-- EXERCISE DIRECTIONS --
Could you reproduce every entry as it stands, leaving the pictures behind?

-- RECORD EXCERPTS --
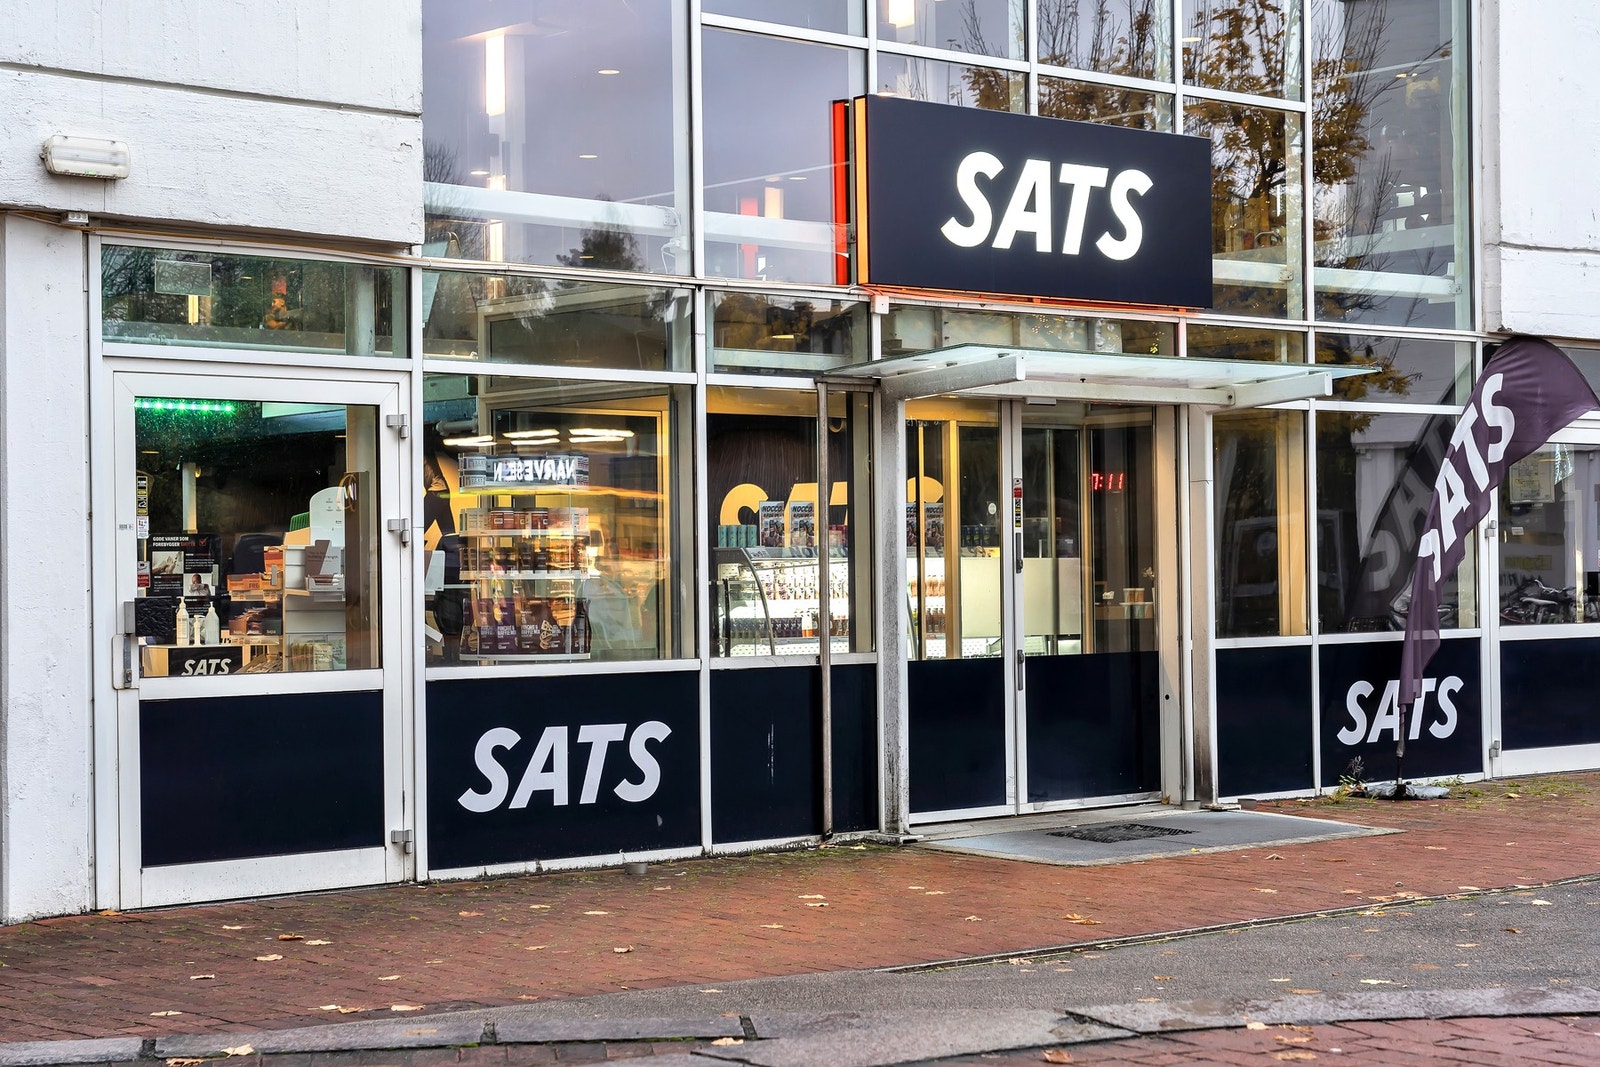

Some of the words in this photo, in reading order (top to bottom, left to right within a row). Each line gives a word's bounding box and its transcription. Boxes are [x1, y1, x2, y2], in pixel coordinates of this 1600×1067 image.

[940, 150, 1154, 261] SATS
[181, 658, 232, 676] SATS
[1336, 675, 1465, 746] SATS
[457, 720, 673, 813] SATS
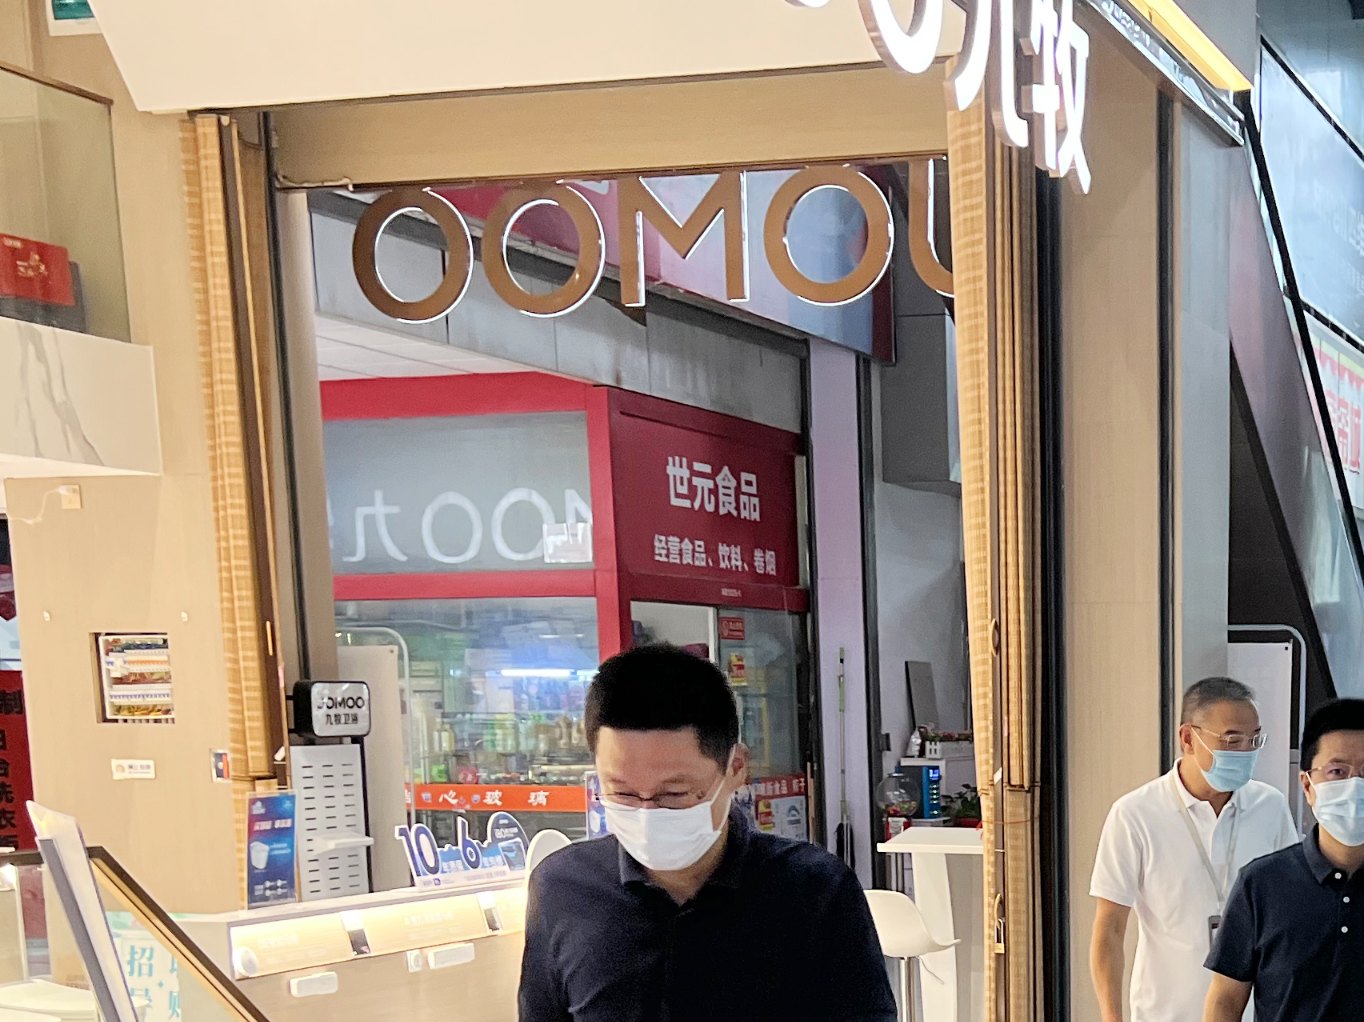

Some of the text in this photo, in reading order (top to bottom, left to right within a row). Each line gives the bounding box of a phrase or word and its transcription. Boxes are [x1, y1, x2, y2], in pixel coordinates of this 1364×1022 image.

[666, 455, 761, 521] 世元食品
[653, 533, 777, 576] 经营食品、饮料、卷烟
[317, 696, 366, 710] JOMOO
[325, 711, 359, 726] 九牧卫浴
[398, 826, 440, 876] 10

-- OUTPUT OF THE TASK --
Some of the words in this photo, in reading order (top to bottom, left to right within a row). Each line gives a word's bounding box and its transcription. Boxes are [x1, y1, x2, y2], in pixel coordinates of this 1600×1067 image.

[940, 150, 1154, 261] SATS
[181, 658, 232, 676] SATS
[1336, 675, 1465, 746] SATS
[457, 720, 673, 813] SATS

Some of the text in this photo, in reading order (top to bottom, left to right within a row). Each line gives the bounding box of a phrase or word and its transcription. Boxes are [x1, y1, x2, y2], in pixel coordinates of this 1364×1022 image.

[666, 455, 761, 521] 世元食品
[653, 533, 777, 576] 经营食品、饮料、卷烟
[317, 696, 366, 710] JOMOO
[325, 711, 359, 726] 九牧卫浴
[398, 826, 440, 876] 10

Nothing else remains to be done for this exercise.